The above quote is from Indonesian President Joko Widodo, expressed in January 2022. The statement refers to the Indonesian government’s ambition to make more use of the country’s abundant natural resources. The problem so far has been that Indonesia is a major exporter of natural resources in more or less raw form (shipping cheap minerals, in large volumes, to foreign destinations where the minerals are processed, thus encouraging the industrialization at the export destination).
However, it is a situation that involves several missed opportunities for Indonesia. For example, by focusing on mineral ore exports, Indonesia struggles to develop its own processing industries, which means it remains at the bottom of the (global) value chain. Ideally, export-oriented industrialization in Indonesia produces value-added goods that allow Indonesia to move up in global value and logistics chains.
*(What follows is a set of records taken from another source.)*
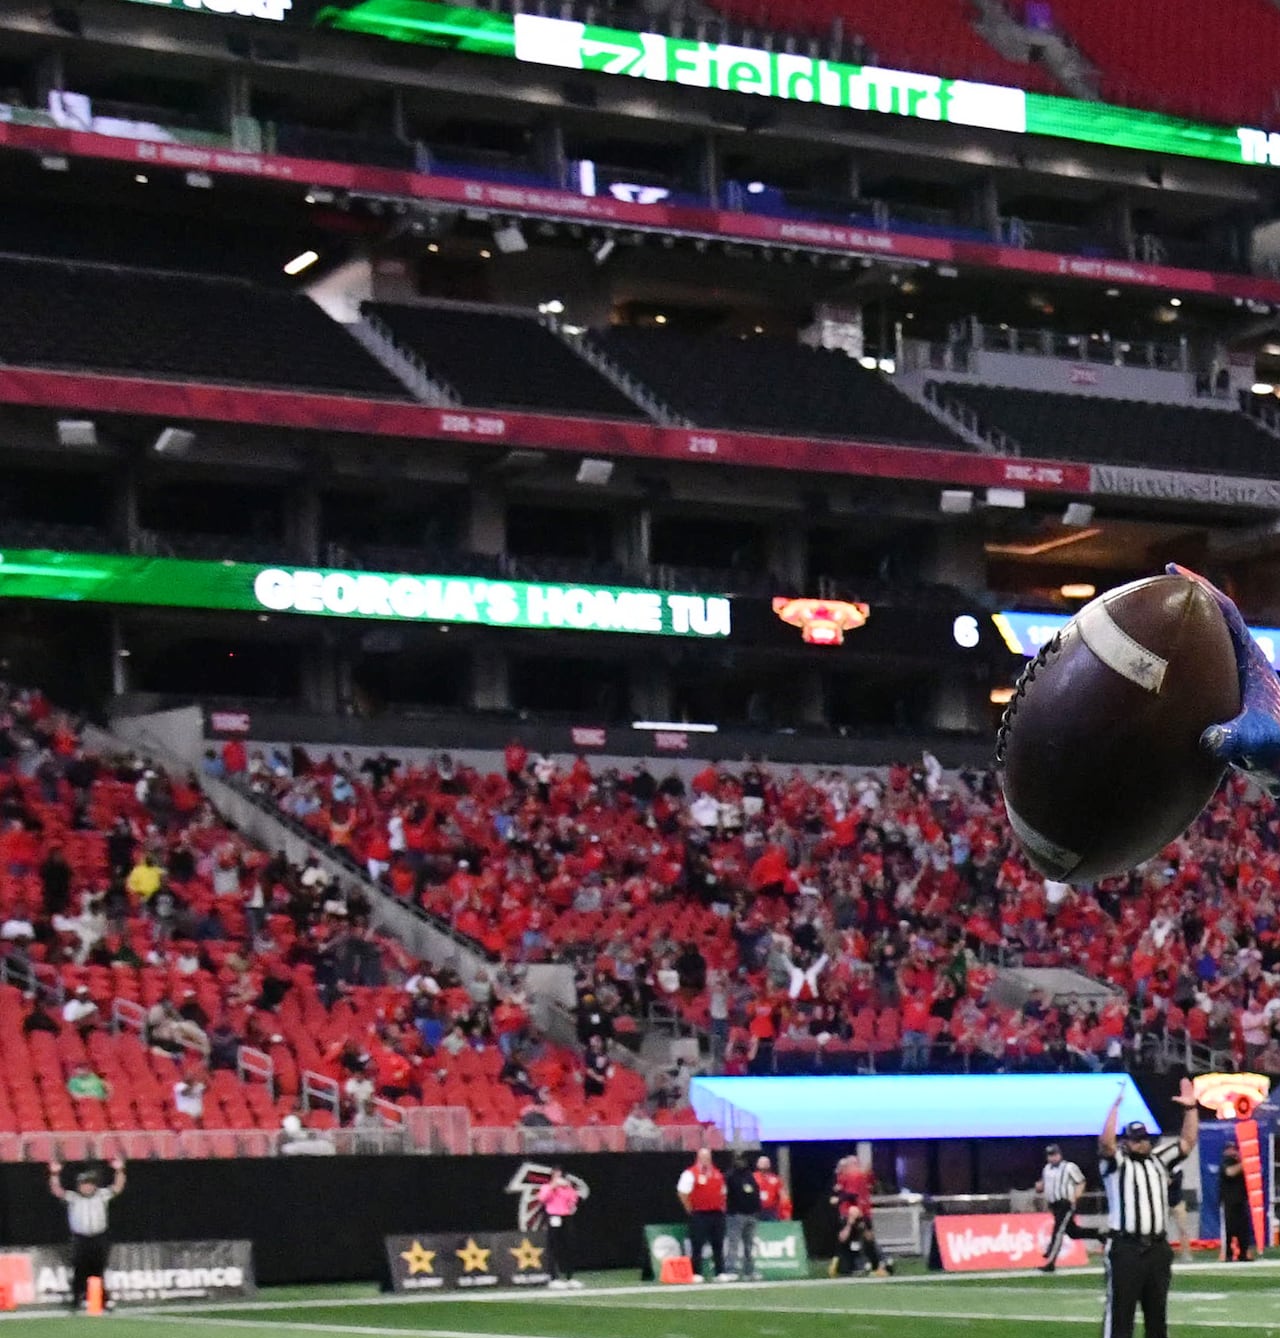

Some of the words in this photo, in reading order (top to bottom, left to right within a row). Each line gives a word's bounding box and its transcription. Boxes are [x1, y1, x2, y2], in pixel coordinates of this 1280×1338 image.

[666, 36, 956, 121] FieldTurf
[254, 568, 518, 622] GEORGIA'S
[526, 586, 662, 632] HOME
[952, 614, 980, 648] 6
[946, 1222, 1035, 1264] Wendy's
Large-scale, export-oriented industrialization would make the Indonesian economy more stable because, while raw (or barely processed) natural resources are generally subject to high price volatility in international markets, processed have a much more stable value, so export earnings become more important. stable accordingly. We saw it in the 2000s when the commodity boom was a blessing for the Indonesian economy. However, the situation deteriorated in the 2010s – when commodity prices generally plunged – causing Indonesia to face a growing current account deficit that undermined the confidence of foreign institutions and investors in the fundamentals of the economy. the Indonesian economy. Thus, the Indonesian economy seems too linked to the volatility of commodity prices. Therefore, when exports are not dominated by more or less commodities, Indonesia’s trade balance, current account balance and even the rupiah rate are bound to become more stable accordingly.
Moreover, if Indonesia sells its natural resources in large quantities and quickly, then the country will see its abundance of natural resources reduced sharply in a few decades, which will make it less attractive to invest in the industrial transformation of natural resources. in Indonesia at some point in the future. Thus, it is important to keep enough reserves for future use (at home) to attract investment.
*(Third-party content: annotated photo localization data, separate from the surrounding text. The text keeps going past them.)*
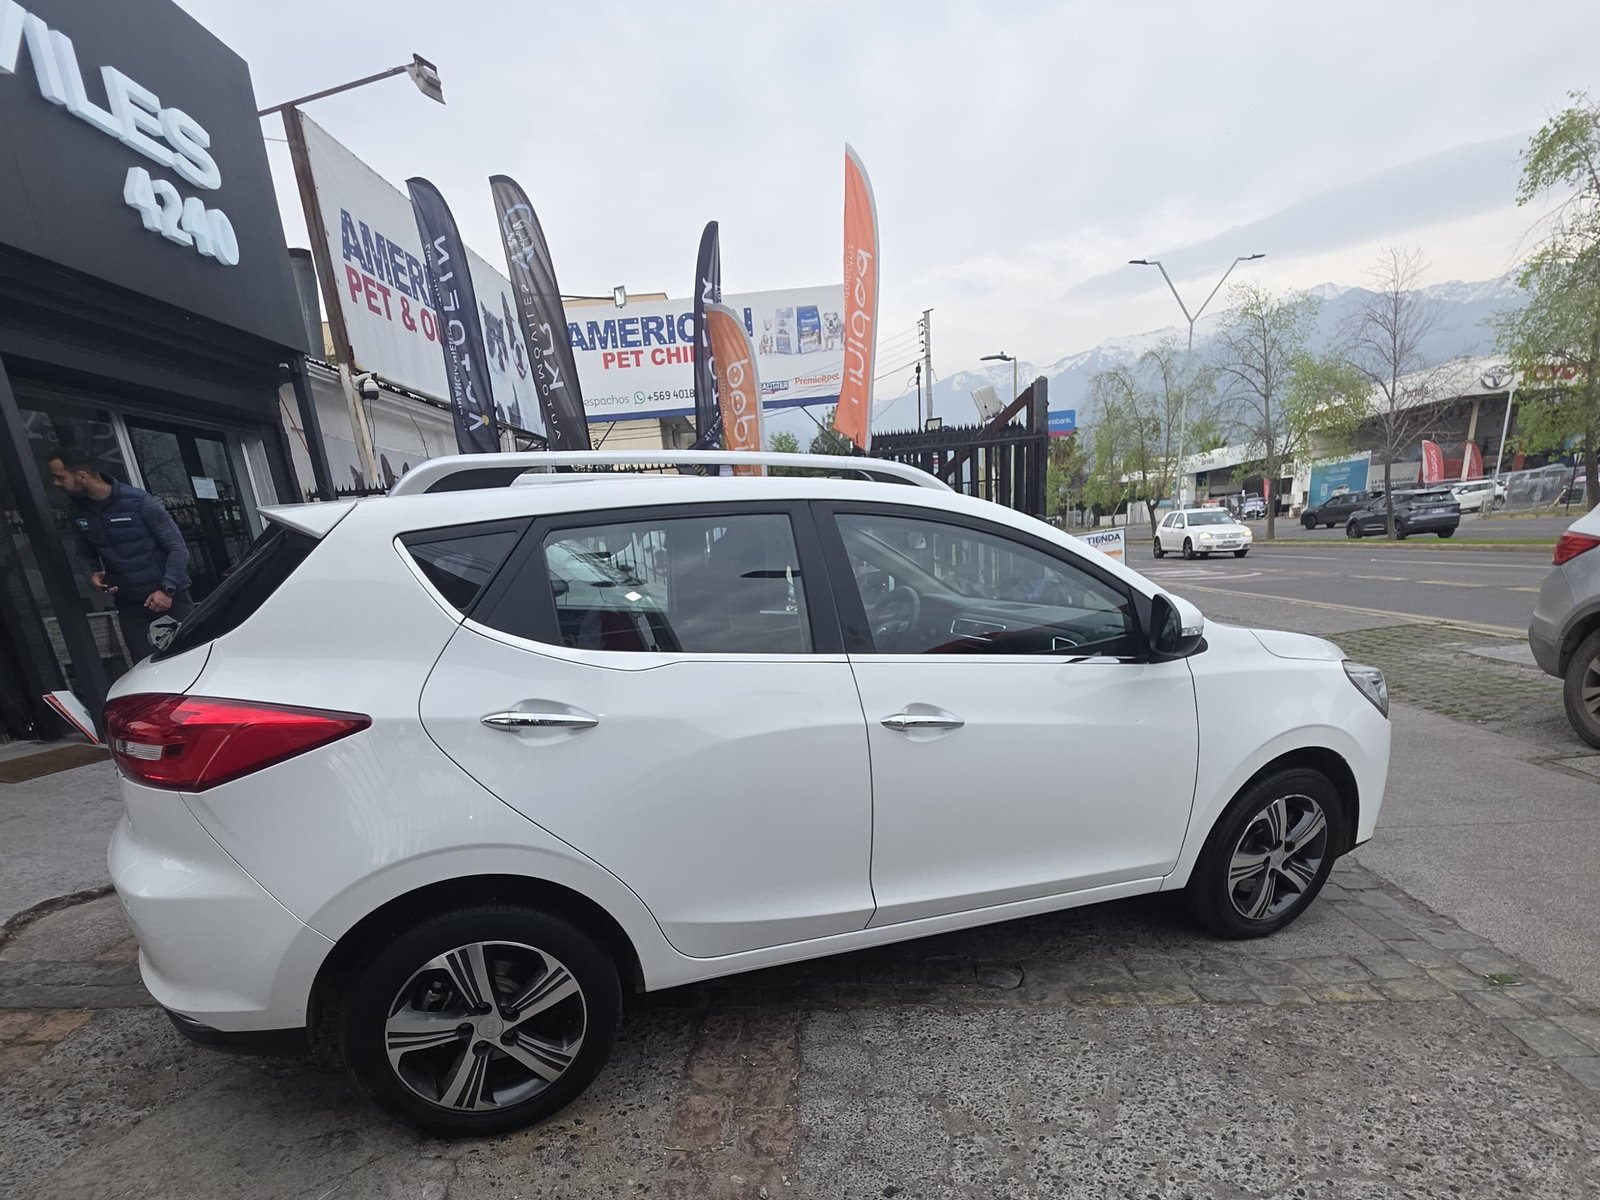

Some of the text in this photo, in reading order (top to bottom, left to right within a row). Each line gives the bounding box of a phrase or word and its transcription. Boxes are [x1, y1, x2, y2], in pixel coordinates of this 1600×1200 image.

[123, 166, 240, 266] 4240
[345, 263, 392, 321] PET
[400, 296, 417, 333] &
[602, 350, 644, 369] PET
[647, 390, 671, 401] +569
[1086, 533, 1121, 545] TIENDA
But the shift to “value-added natural resources” is a process that does not succeed on its own, the main reason being that Indonesia’s investment environment is not the most favorable, while it is also too attractive for established players to content themselves with earning income from the export of unprocessed natural resources (especially in times of high commodity prices) without having to consider capital-intensive investments. And so, top-down encouragement is needed.